[Records contained in a dataset]

_ _ _ _

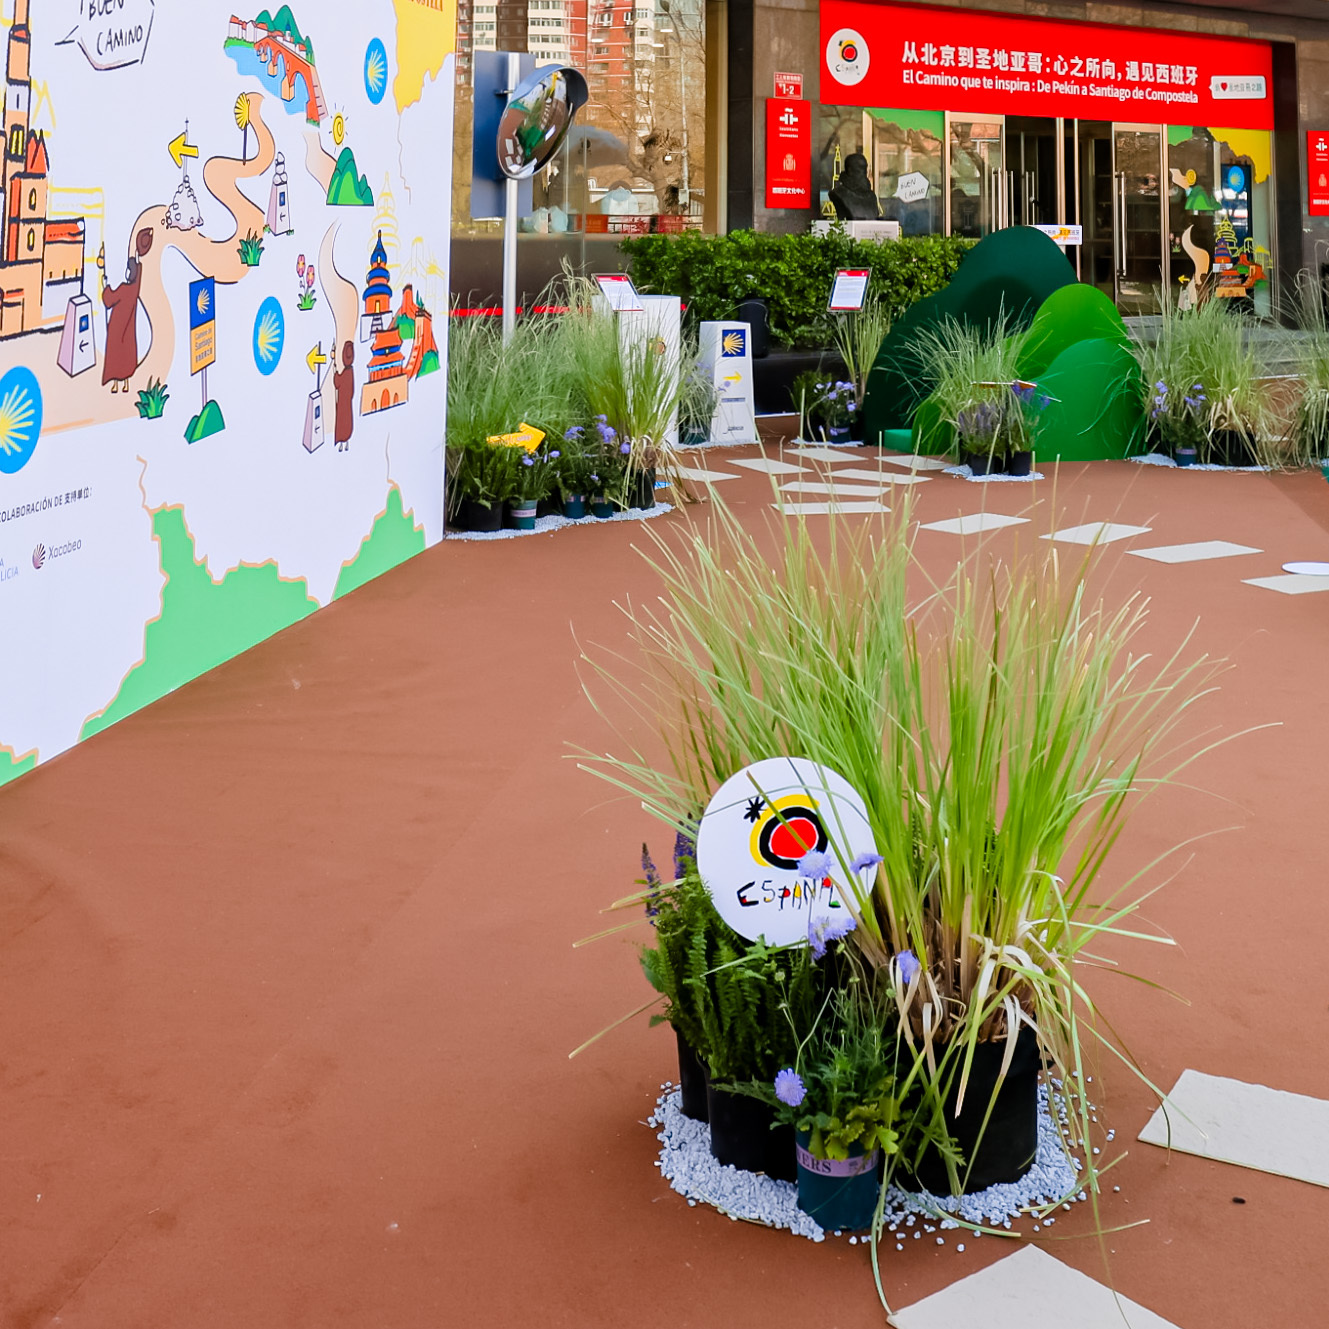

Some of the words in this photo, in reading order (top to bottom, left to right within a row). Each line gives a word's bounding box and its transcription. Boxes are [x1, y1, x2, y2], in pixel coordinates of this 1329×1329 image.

[97, 25, 143, 56] CAMINO
[903, 69, 913, 84] El
[915, 71, 959, 87] Camino
[960, 76, 981, 90] que
[983, 77, 993, 89] te
[1037, 80, 1051, 93] De
[1052, 80, 1080, 96] Pekín
[1081, 85, 1088, 96] a
[1089, 83, 1131, 101] Santiago
[1132, 86, 1144, 98] de
[1145, 88, 1199, 104] Compostela
[54, 495, 63, 508] DE
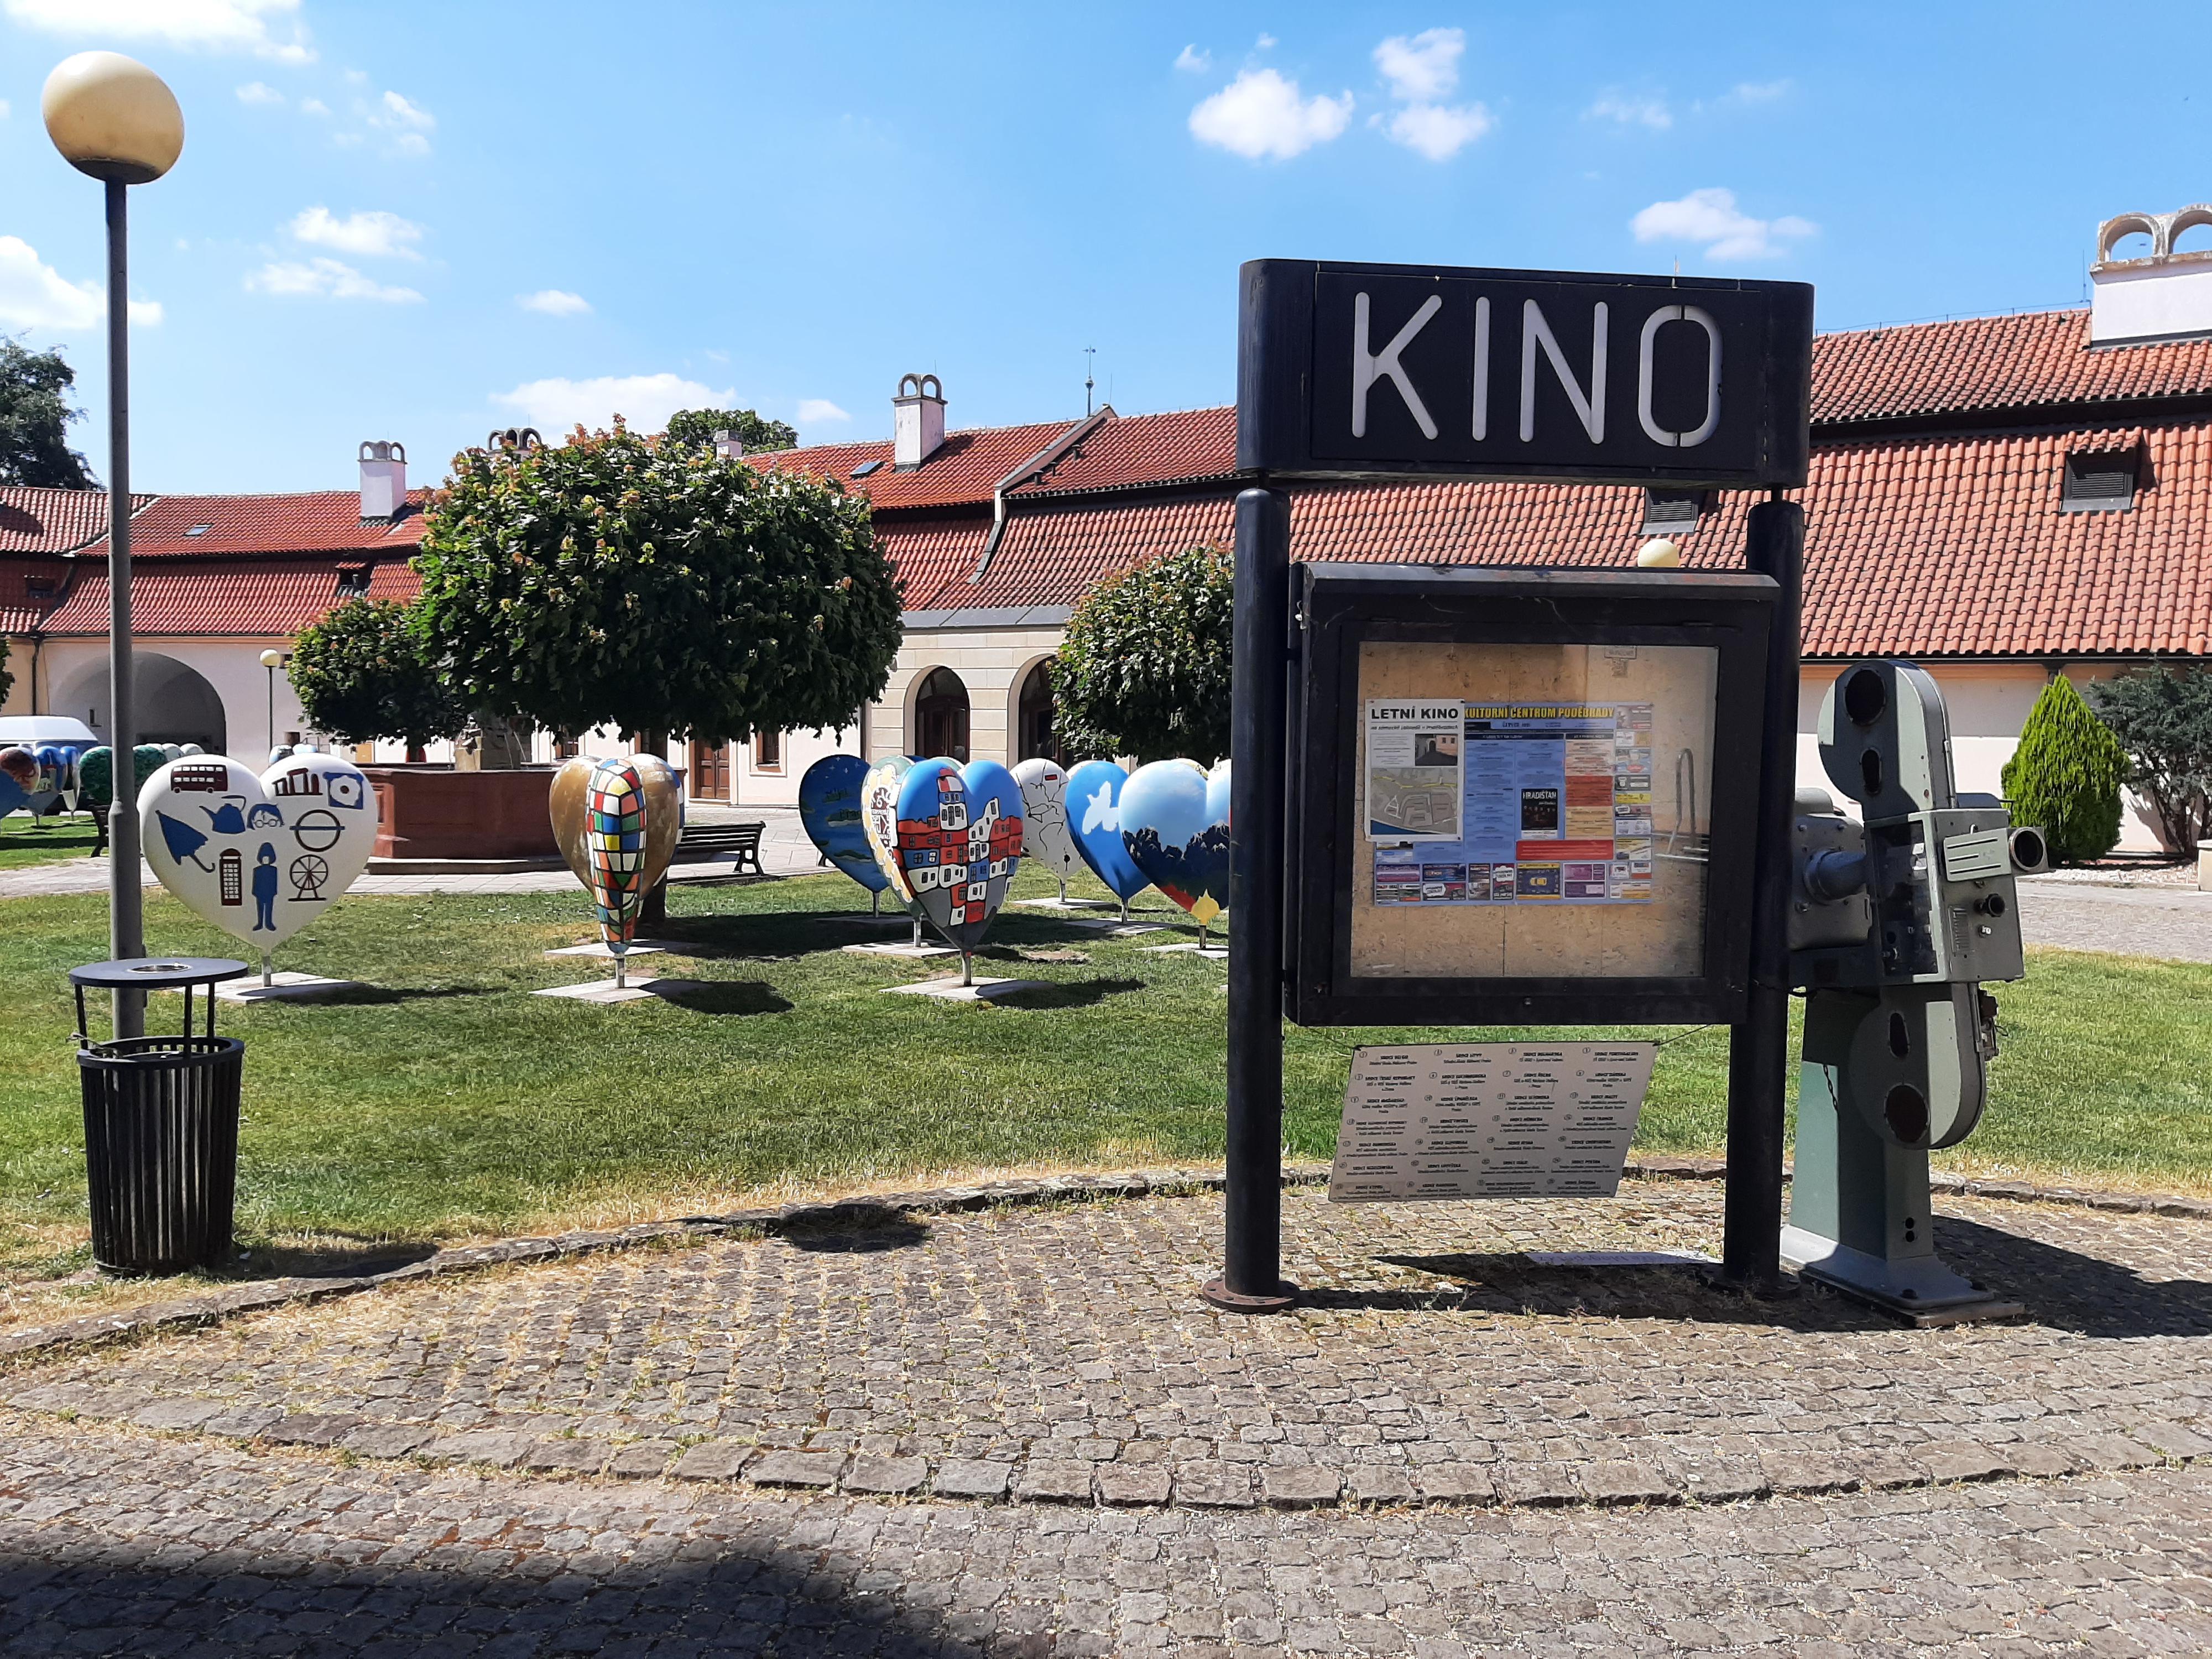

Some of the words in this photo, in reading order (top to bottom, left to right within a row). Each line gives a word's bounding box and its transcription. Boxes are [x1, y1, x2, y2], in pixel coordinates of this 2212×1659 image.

[1352, 291, 1723, 447] KINO
[1371, 706, 1415, 719] LETNÍ
[1421, 708, 1458, 719] KINO
[1510, 707, 1556, 718] CENTRUM

_ _ _ _

> _What the task requires_: Repeat only what runs from the line holding "this 2212×1659 image." to the end of the data, keeping every line exactly as written, first and last included.

> _Output of the exercise_:
Some of the words in this photo, in reading order (top to bottom, left to right within a row). Each line gives a word's bounding box and its transcription. Boxes are [x1, y1, x2, y2], in pixel coordinates of this 2212×1659 image.

[1352, 291, 1723, 447] KINO
[1371, 706, 1415, 719] LETNÍ
[1421, 708, 1458, 719] KINO
[1510, 707, 1556, 718] CENTRUM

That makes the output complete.